COVINS is a centralized collaborative visual-inertial SLAM system. Each agent runs visual-inertial odometry onboard and sends selected map information to a server backend. The backend performs place recognition, global optimization, map merging, redundancy reduction, and multi-agent 3D mapping. The design prioritizes scalable collaboration for large environments and teams of more than ten agents while preserving onboard autonomy.

COVINS-G generalizes the backend so it can work with arbitrary VIO front ends, including tracking cameras and different VIO systems.

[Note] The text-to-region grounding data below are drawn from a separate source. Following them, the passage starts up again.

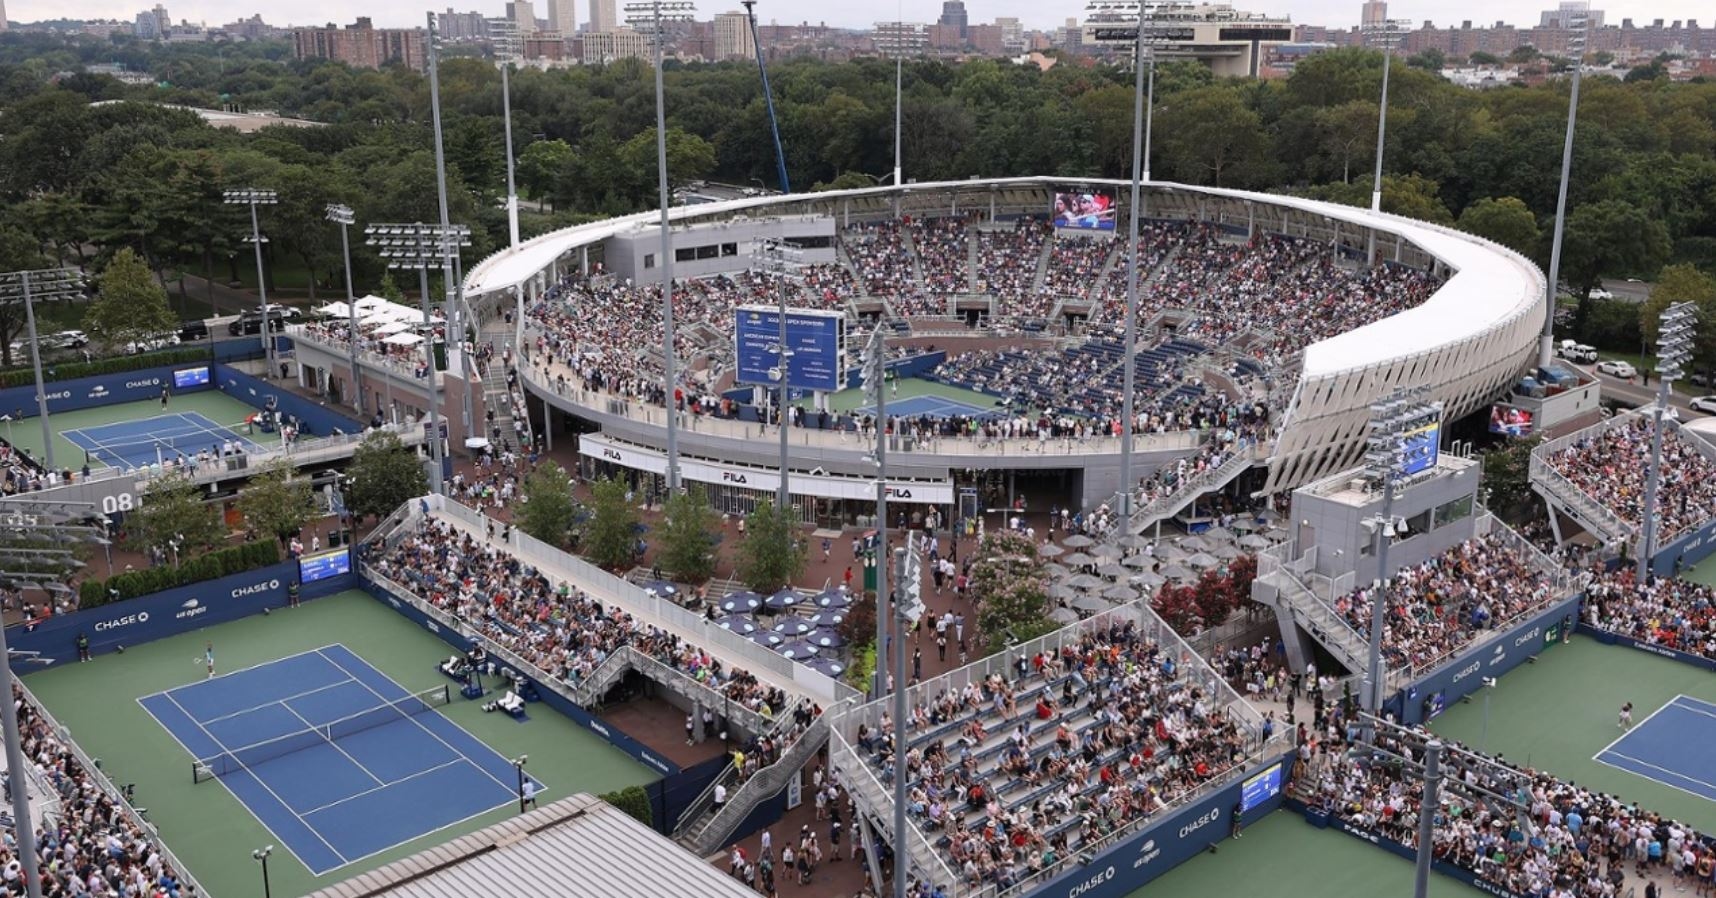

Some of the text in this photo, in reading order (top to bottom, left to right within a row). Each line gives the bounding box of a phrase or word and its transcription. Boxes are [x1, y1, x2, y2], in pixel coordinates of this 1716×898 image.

[603, 448, 622, 461] FILA
[723, 472, 747, 484] FILA
[885, 487, 912, 499] FILA
[102, 492, 133, 514] 08
[231, 581, 269, 598] CHASE
[94, 614, 137, 632] CHASE
[1179, 814, 1210, 839] CHASE
[1069, 872, 1105, 898] CHASE

The key tradeoff is that COVINS-G uses a more generic keyframe/pose interface and multi-camera relative pose estimation from 2D image data, but it does not use map points in the backend and therefore cannot run the same global bundle adjustment as the original COVINS backend.

This page treats the pair as a practical centralized collaborative SLAM pattern, complementary to decentralized systems such as Kimera-Multi and D2SLAM.

Method Class

  • Centralized collaborative visual-inertial SLAM.
  • Multi-agent server backend for map merging and optimization.
  • ORB-SLAM3-oriented original system plus generic VIO backend extension.
  • Place recognition and relative pose estimation for inter-agent loop closures.
  • Multi-agent 3D mapping and keyframe redundancy management.

Method Summary

The COVINS paradigm is:

text
agent 1 VIO  \
agent 2 VIO   -> COVINS server backend -> global collaborative map
agent N VIO  /

Agents perform local tracking onboard so they remain autonomous. The server receives selected keyframes and map data, detects overlaps between agents, estimates relative constraints, optimizes the joint map, and reduces redundancy.

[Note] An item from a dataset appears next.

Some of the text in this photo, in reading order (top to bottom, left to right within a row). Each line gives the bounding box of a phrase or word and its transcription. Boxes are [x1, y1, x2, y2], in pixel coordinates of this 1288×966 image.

COVINS-G changes the interface:

text
arbitrary VIO / tracking camera / VINS-Fusion / ORB-SLAM3
  -> generic front-end wrapper
  -> COVINS-G server backend

This makes the backend easier to integrate with heterogeneous robots. The cost is reduced access to front-end-specific map-point structure, so the generic backend relies on pose/keyframe information and image-based relative pose estimation rather than full map-point global BA.

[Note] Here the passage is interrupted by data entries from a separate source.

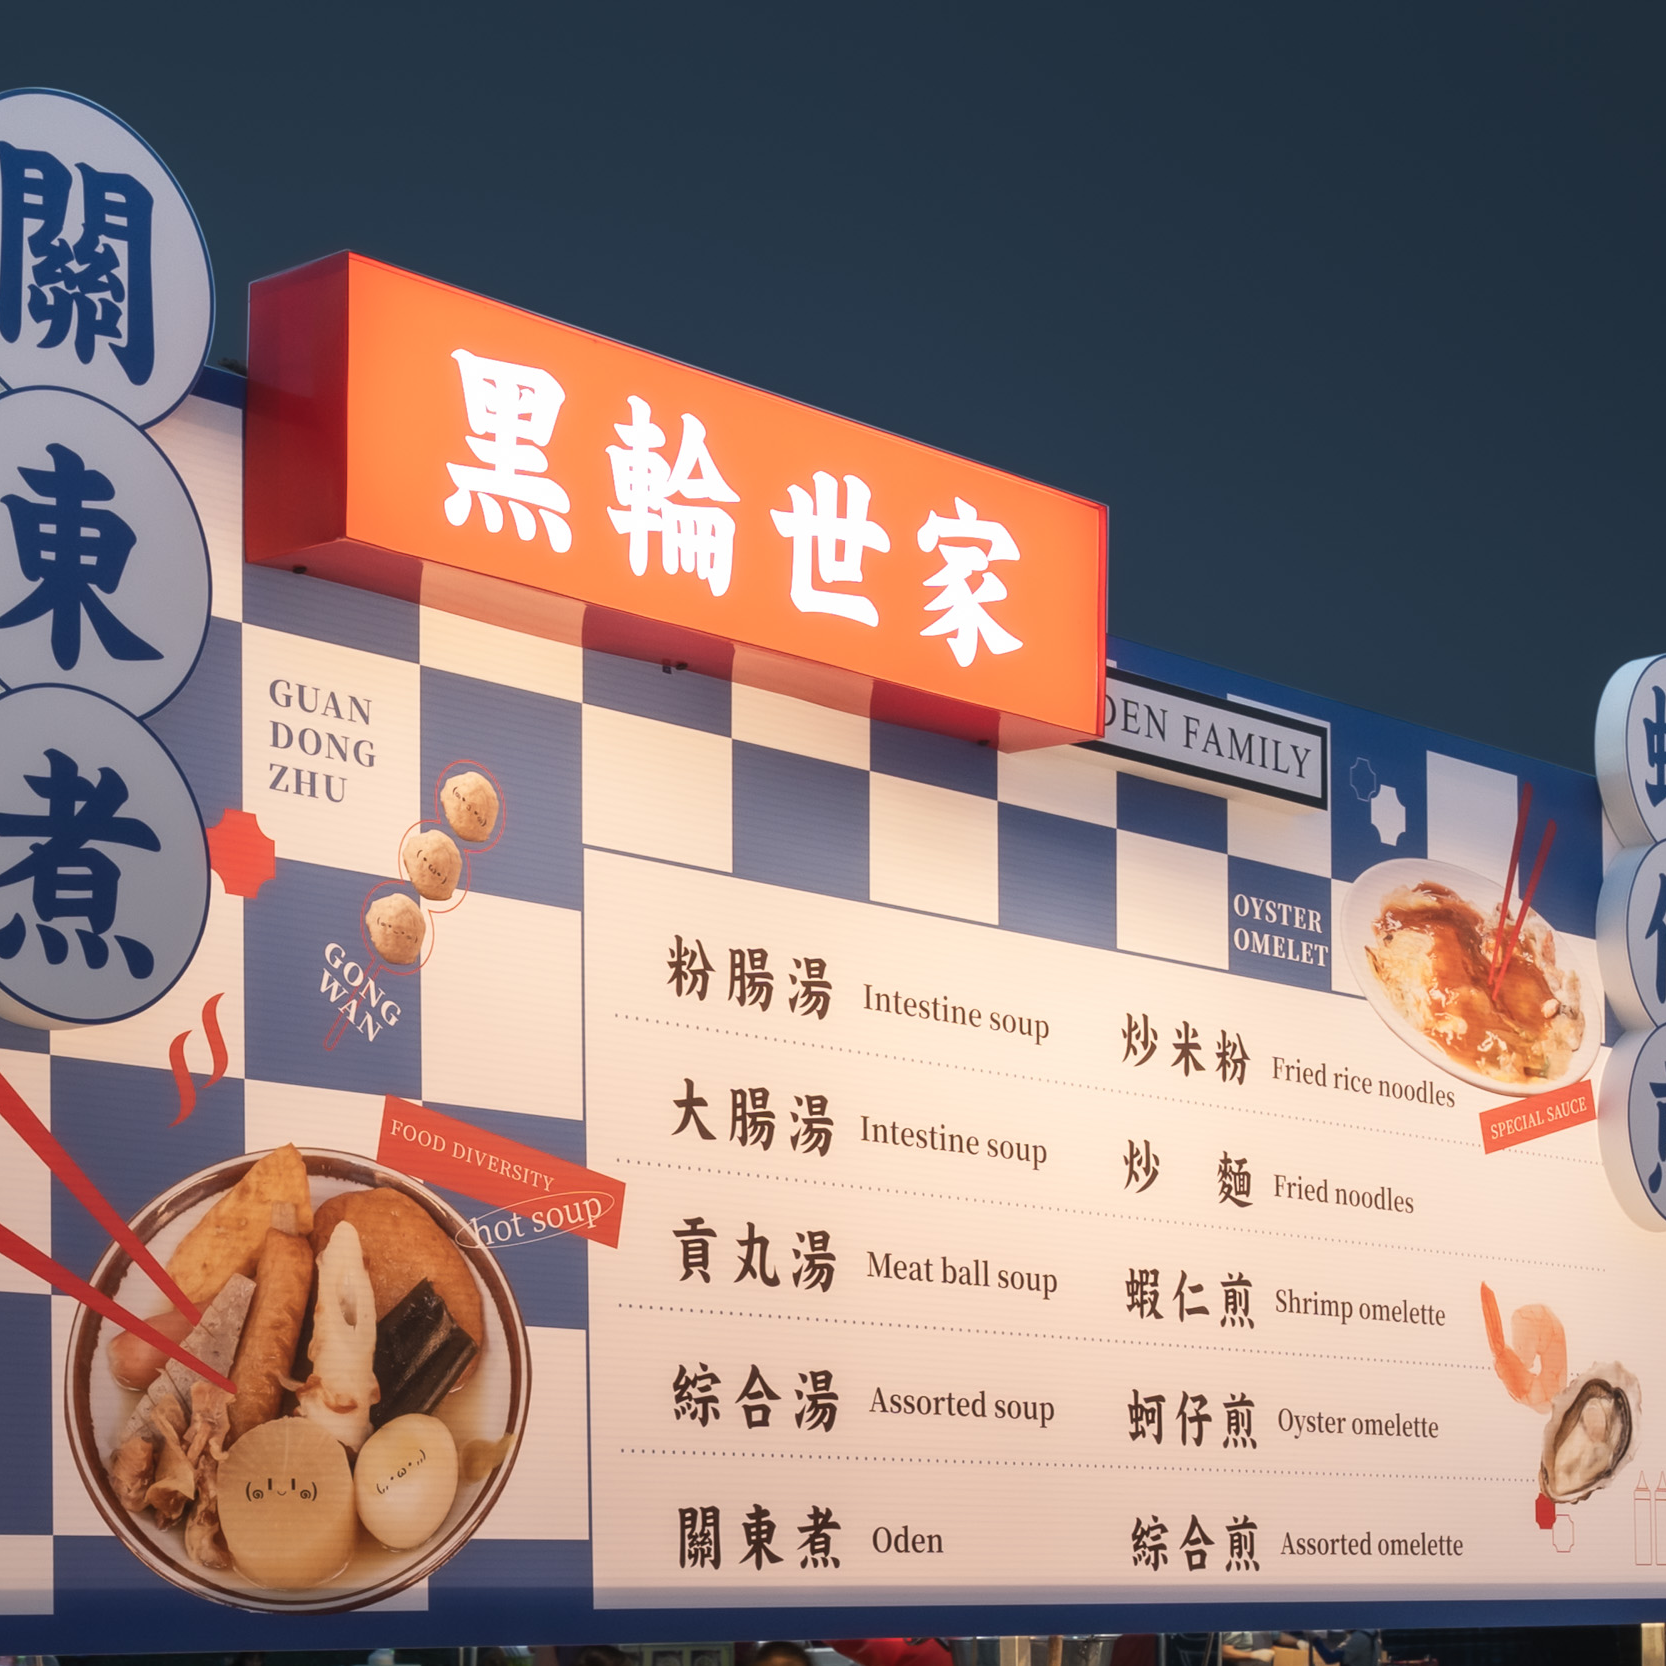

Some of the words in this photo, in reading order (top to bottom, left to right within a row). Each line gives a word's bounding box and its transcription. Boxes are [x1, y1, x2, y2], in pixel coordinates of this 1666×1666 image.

[444, 348, 1024, 668] 黑輪世家
[268, 679, 372, 726] GUAN
[268, 720, 377, 768] DONG
[1183, 714, 1311, 779] FAMILY
[268, 763, 347, 803] ZHU
[1233, 893, 1323, 934] OYSTER
[1233, 927, 1329, 968] OMELET
[317, 968, 384, 1042] WAN
[324, 942, 402, 1027] GONG
[666, 934, 832, 1020] 粉腸湯
[863, 983, 983, 1029] Intestine
[988, 1010, 1051, 1046] soup
[1121, 1013, 1251, 1086] 炒米粉
[1271, 1056, 1327, 1088] Fried
[1332, 1065, 1373, 1095] rice
[1378, 1074, 1456, 1109] noodles
[671, 1078, 835, 1158] 大腸湯
[859, 1115, 981, 1157] Intestine
[986, 1134, 1048, 1171] soup
[1489, 1108, 1543, 1141] SPECIAL
[1546, 1096, 1588, 1128] SAUCE
[390, 1119, 446, 1152] FOOD
[452, 1141, 555, 1192] DIVERSITY
[470, 1212, 525, 1247] hot
[531, 1197, 603, 1233] soup
[1273, 1174, 1329, 1204] Fried
[1334, 1182, 1415, 1214] noodles
[672, 1217, 837, 1292] 貢丸湯
[866, 1251, 934, 1285] Meat
[941, 1254, 990, 1288] ball
[997, 1268, 1059, 1300] soup
[1125, 1268, 1255, 1330] 蝦仁煎
[1275, 1288, 1354, 1323] Shrimp
[1358, 1297, 1446, 1327] omelette
[672, 1362, 839, 1433] 綜合湯
[869, 1386, 988, 1419] Assorted
[994, 1396, 1055, 1428] soup
[1127, 1389, 1258, 1450] 蚵仔煎
[1278, 1407, 1346, 1441] Oyster
[1351, 1411, 1440, 1439] omelette
[678, 1503, 842, 1571] 關東煮
[872, 1525, 944, 1556] Oden
[1131, 1514, 1260, 1572] 綜合煎
[1280, 1531, 1373, 1557] Assorted
[1377, 1533, 1464, 1558] omelette

Factor and State Representation

Original COVINS state:

text
X_i^a: keyframe pose for agent a
L_k: visual map point, for front ends that expose map points

Factors:

text
visual-inertial local constraints from each agent
map-point reprojection / bundle adjustment constraints
intra-agent loop closure constraints
inter-agent loop closure constraints
priors / gauge-fixing constraints

COVINS-G generic state:

text
X_i^a: keyframe pose from arbitrary VIO
image observations / features for relative pose estimation

COVINS-G backend constraints:

text
relative pose edge between keyframes
estimated by multi-camera relative pose from 2D data

The practical distinction:

  • COVINS: more tightly coupled to ORB-SLAM3-style map data; can perform more accurate global bundle adjustment when map points are available.
  • COVINS-G: more flexible across front ends; no backend GBA because map points are not utilized in the generic backend.

Front-End Mechanics

  1. Onboard VIO. Each agent runs an independent local VIO or tracking-camera estimator.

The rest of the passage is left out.